Let’s look at everything you need to know about a morning stretching routine with Able. All you need is a yoga mat, rug, or another soft surface to stretch on and a few minutes in the morning. If you spend just a few minutes each day stretching, even if it’s only one or two stretches a day, your dynamic morning habit can make a huge difference in how the rest of your day goes. The change starts today! Feel better from now on and for good with these ideas.
Spending just a few minutes with a stretch routine each morning can make a huge difference in how you mentally and physically take on the day. Stretching can mitigate pain and stress, boost your energy, and fill you with confidence to help you consistently perform better throughout the day.
For one thing, stretching helps develop flexibility, your body’s capability to fully move your muscles and joints through their motion ranges. Regular, daily stretching elongates your muscles to yield more flexibility; more flexibility, in turn, yields successful performance when moving and staying active.
Flexibility is not the only benefit that stretching affords your body. Stretching brings many more advantages to the table, including an affinity to engage in directed movements, mental and physical relaxation, and increased bodily awareness.

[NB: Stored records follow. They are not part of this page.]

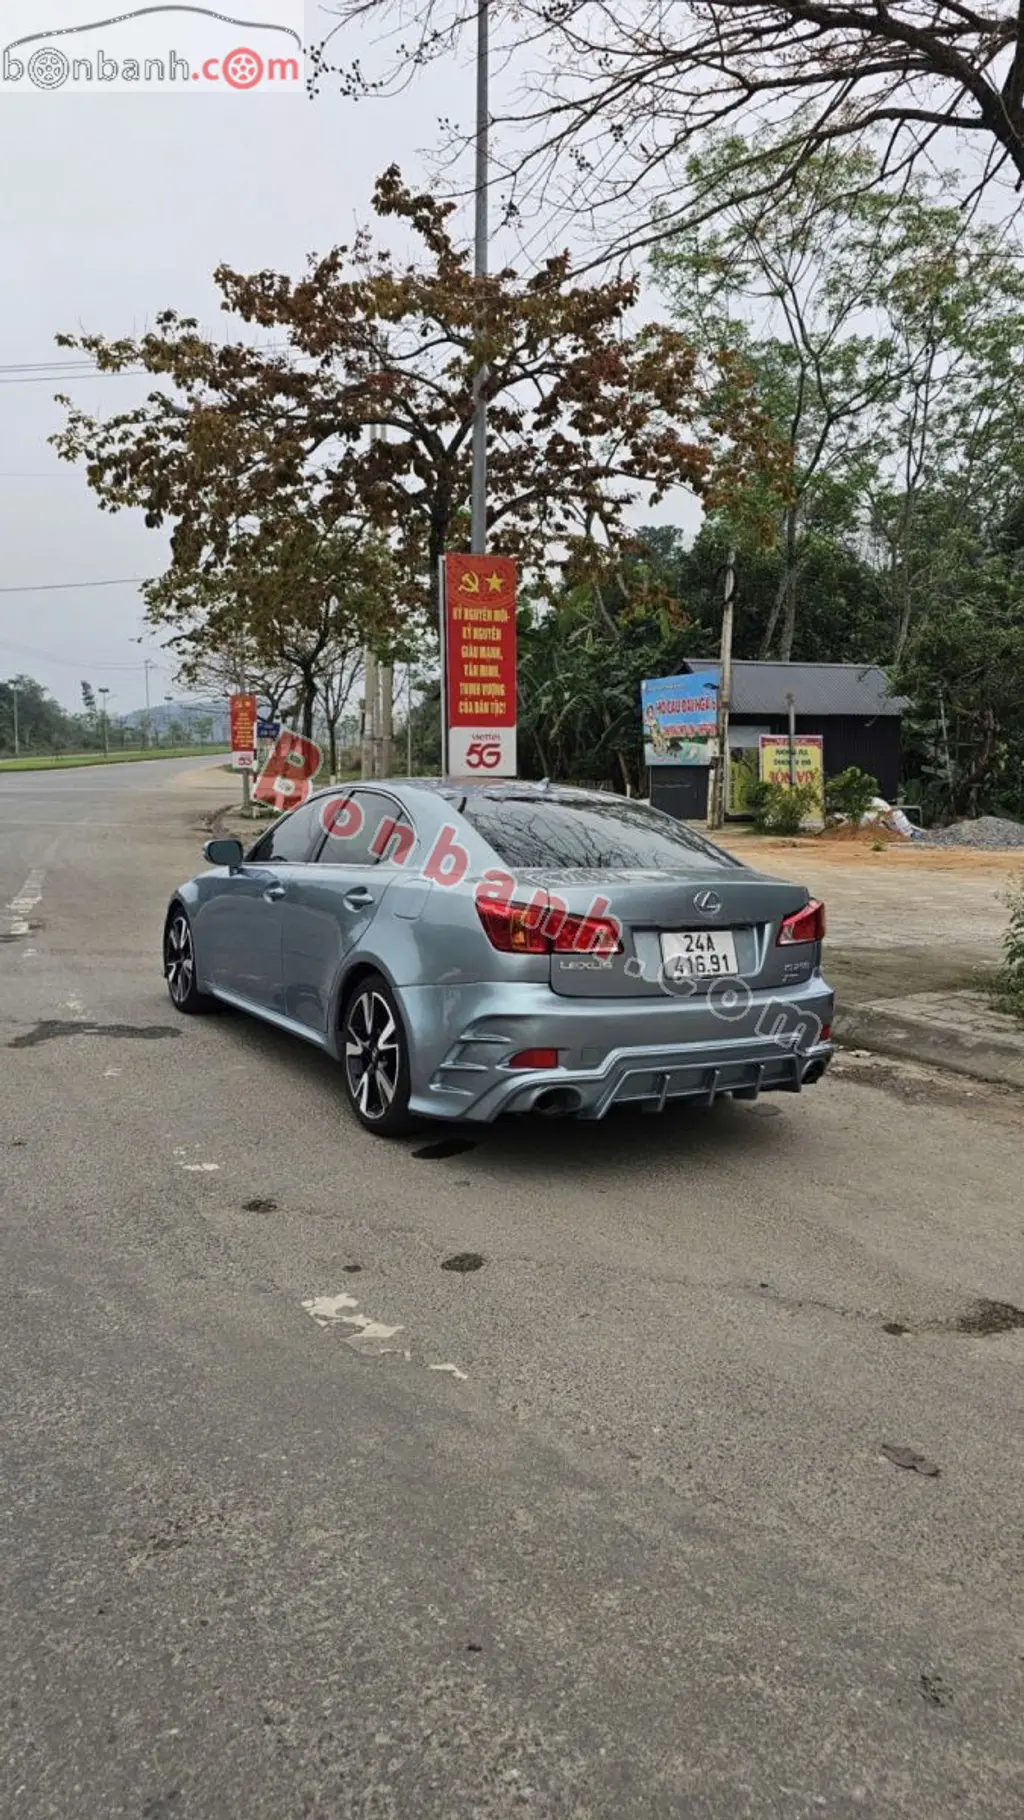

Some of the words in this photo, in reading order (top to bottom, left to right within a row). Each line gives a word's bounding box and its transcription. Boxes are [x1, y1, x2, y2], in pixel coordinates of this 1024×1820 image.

[466, 743, 502, 769] 5G
[683, 933, 716, 953] 24A
[560, 961, 613, 970] LEXUS
[674, 953, 730, 975] 416.91
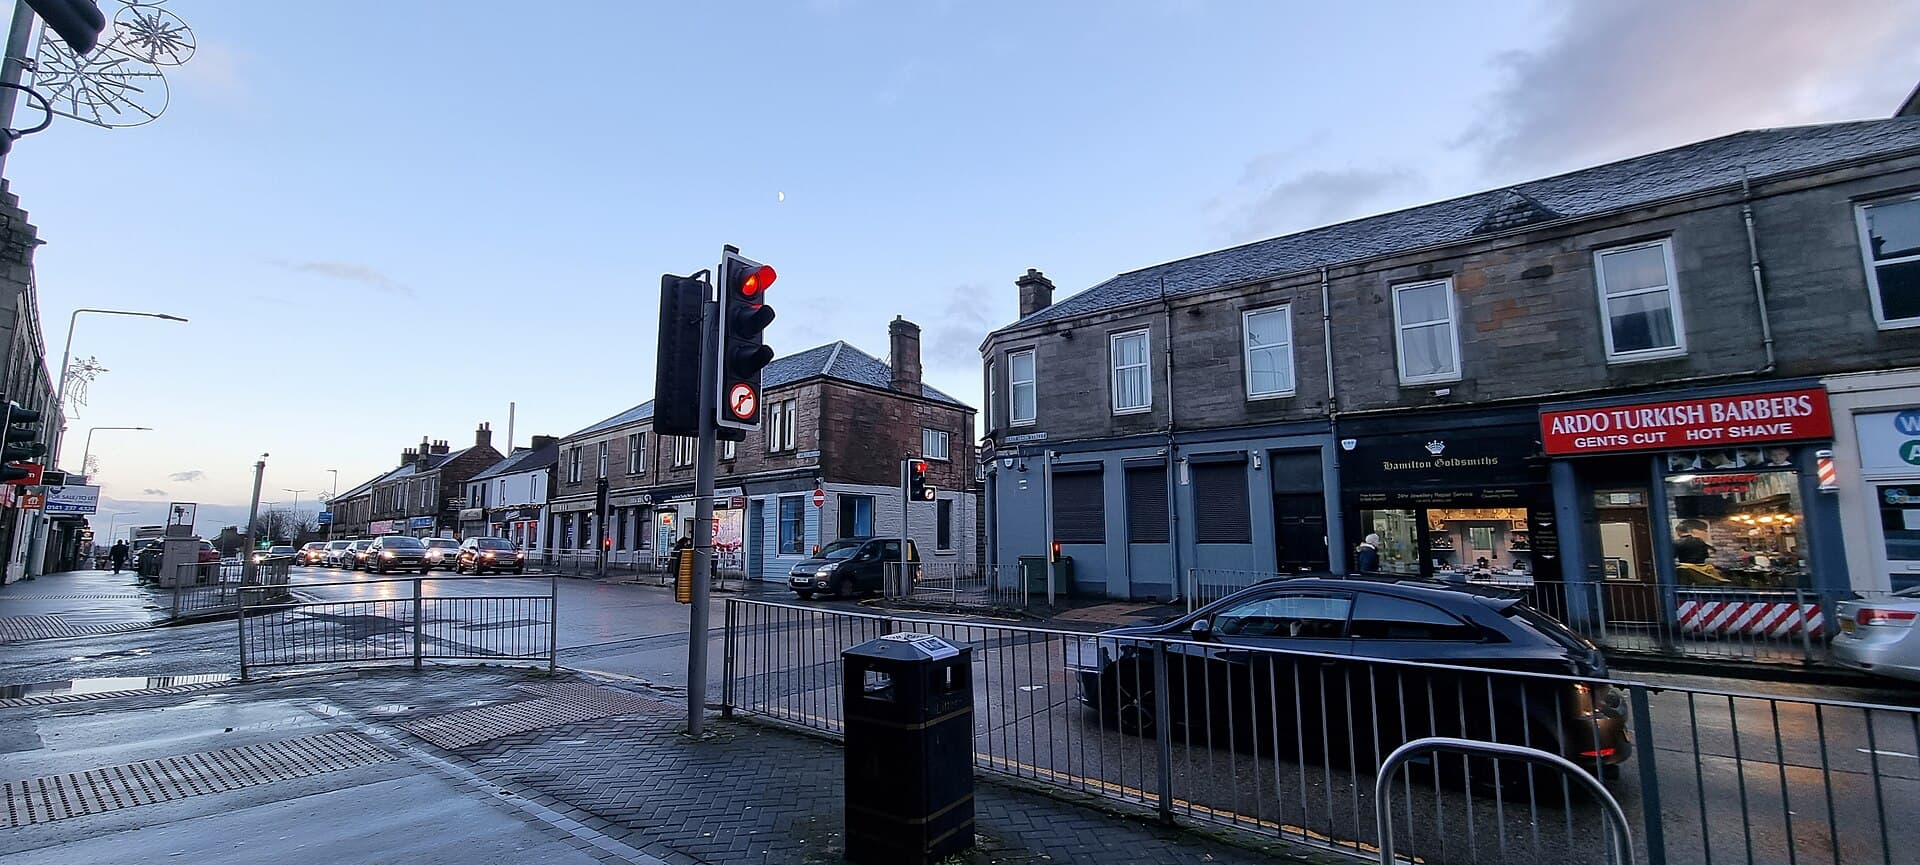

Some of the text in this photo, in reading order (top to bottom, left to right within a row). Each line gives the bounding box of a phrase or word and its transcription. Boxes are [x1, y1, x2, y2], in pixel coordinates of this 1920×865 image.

[1551, 395, 1813, 435] ARDO TURKISH BARBERS
[1574, 431, 1667, 448] GENTS CUT
[1686, 422, 1793, 440] HOT SHAVE
[1383, 456, 1499, 471] Hamilton Goldsmiths
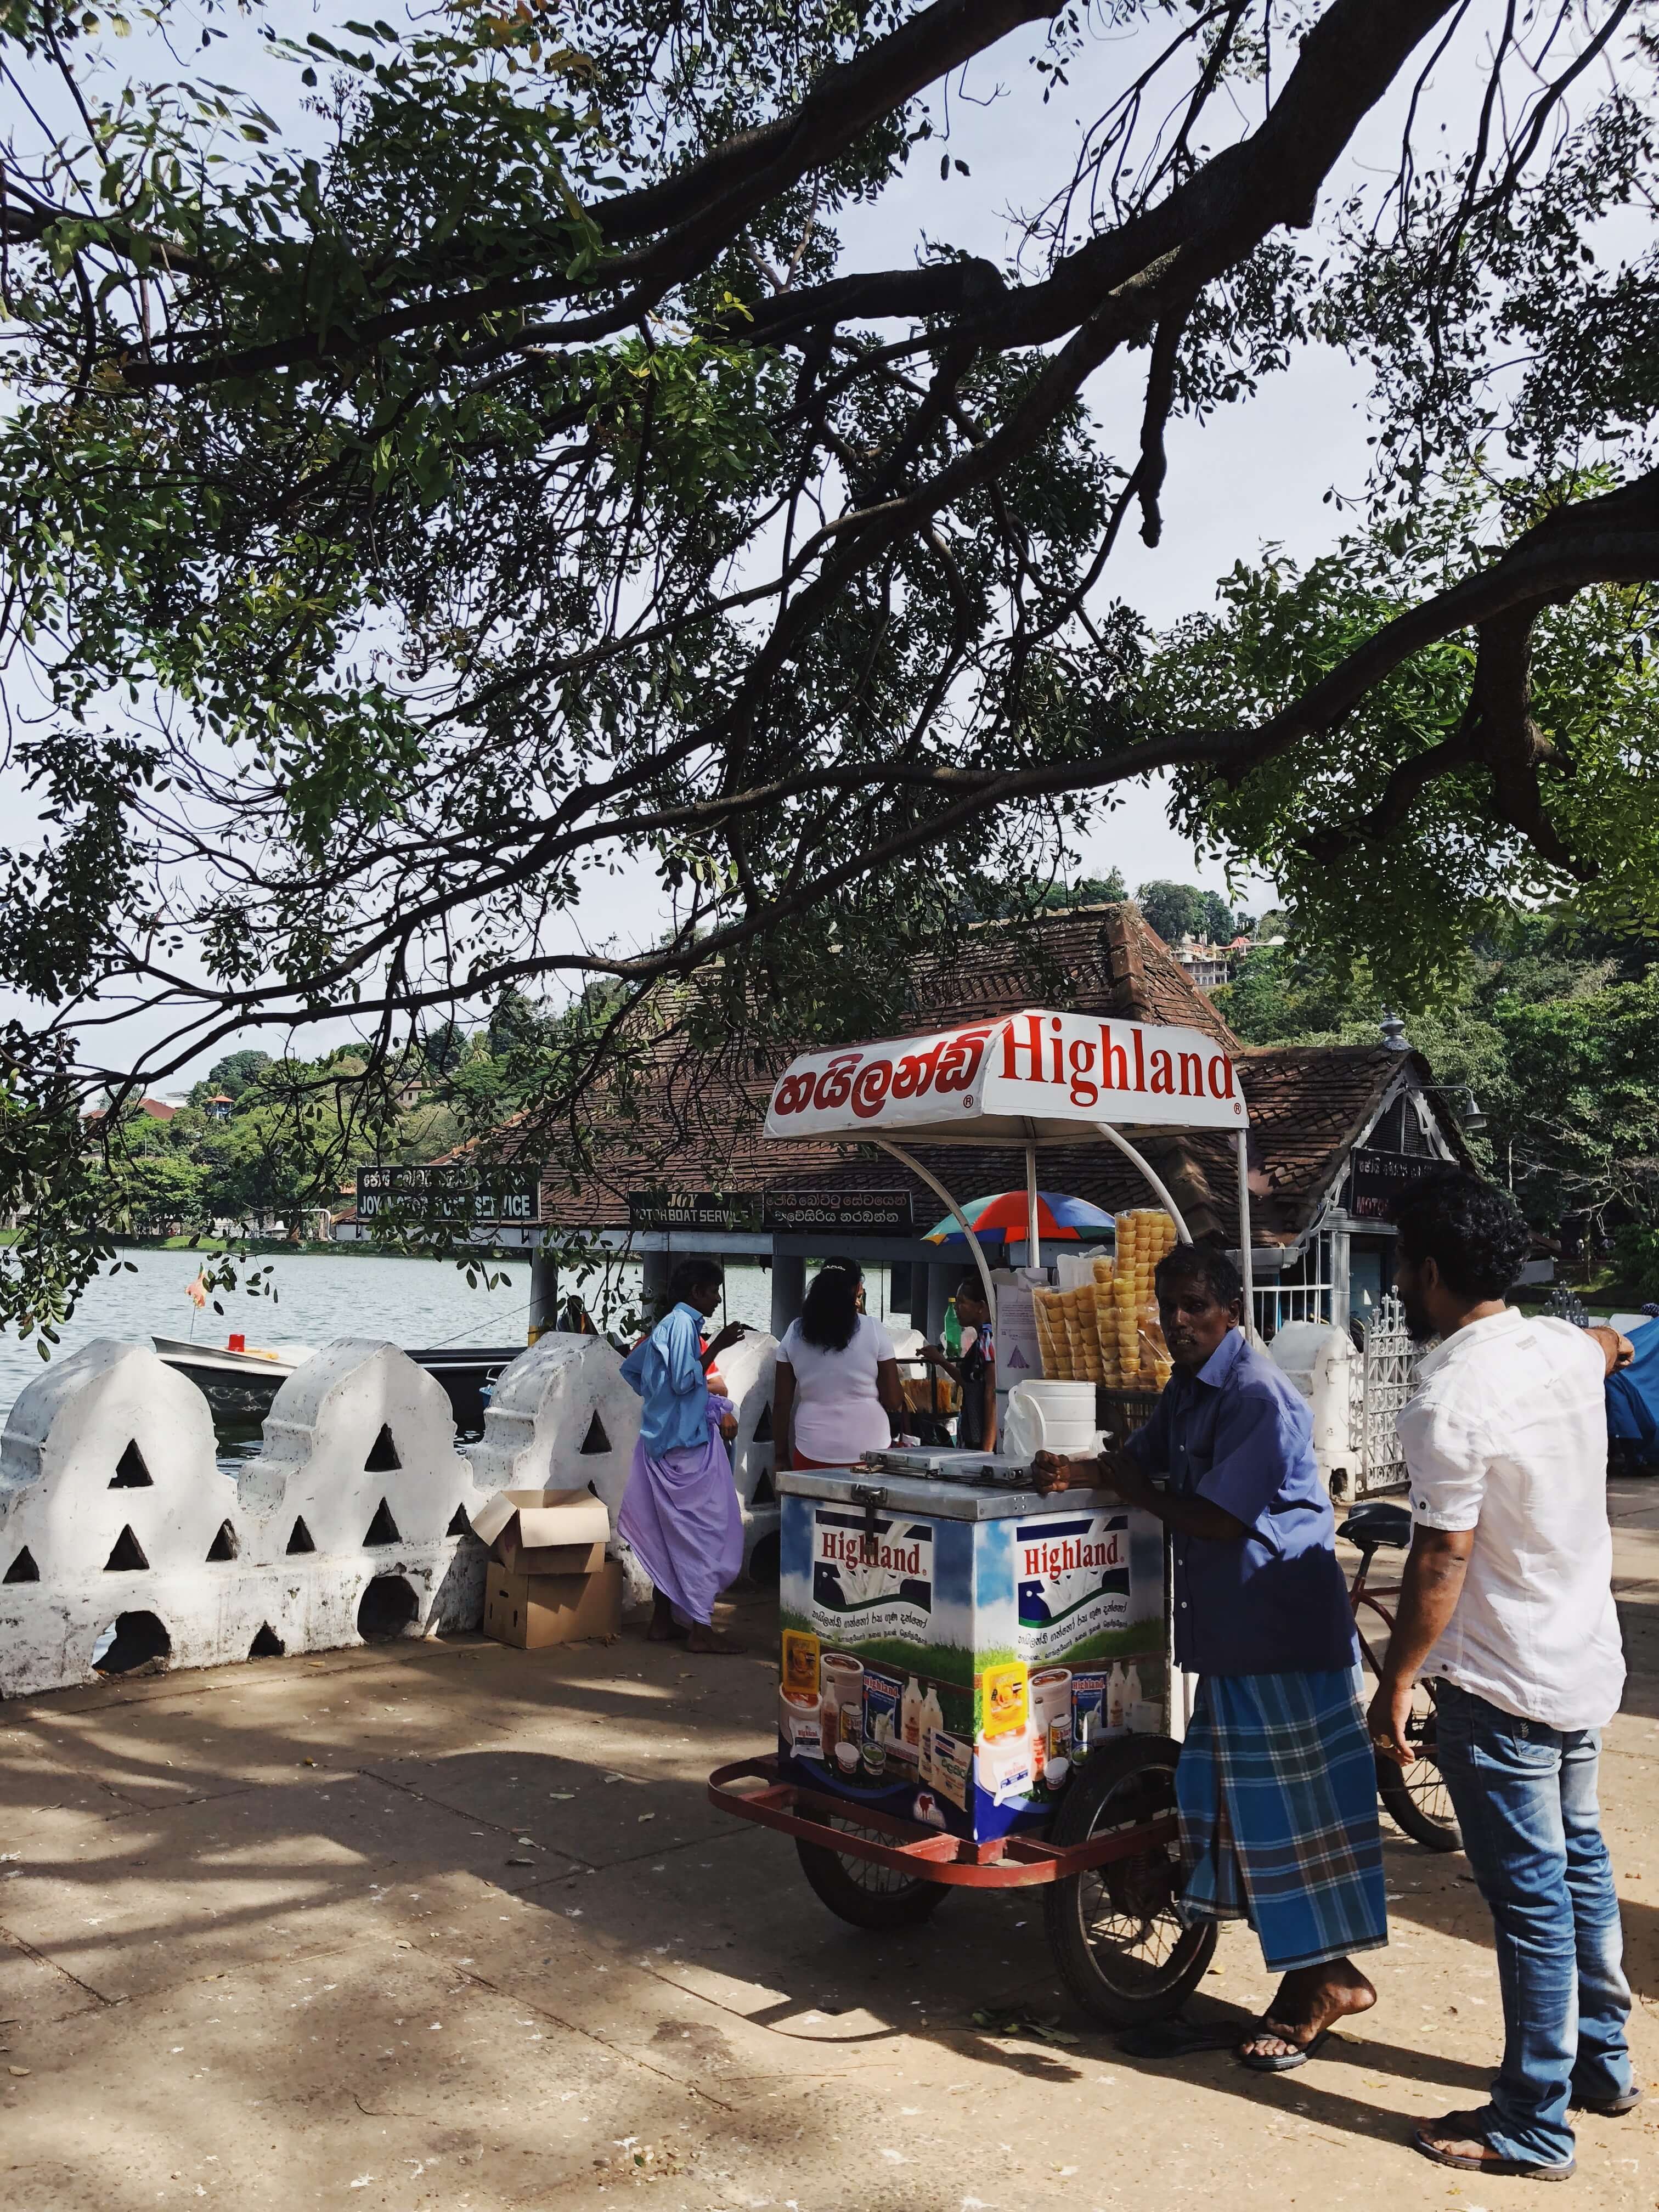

Stretching can also reduce your propensity for injury, muscle soreness, body stiffness, and tension.
Many fibers comprise a muscle, and when you stretch or elongate a muscle, its component fibers become longer. The more fibers you stretch, the more your muscle elongates.
Each time you stretch, your muscles elongate a little bit more, eliminating future tightness to make the next stretch even easier. With practice and consistency, your muscle memory will quite literally kick in, and you will be able to stretch farther and acquire more flexibility.
You can thus devote a few minutes each day to stretching to develop a consistent routine that produces the right benefits and results for your mind, body, and overall health. Stretching is a gradual process that requires patience, concentration, and calmness to practice correct techniques that prevent injuries.
There is no single stretch that answers all flexibility and motion ranges, and there is no single way to stretch to see health benefits.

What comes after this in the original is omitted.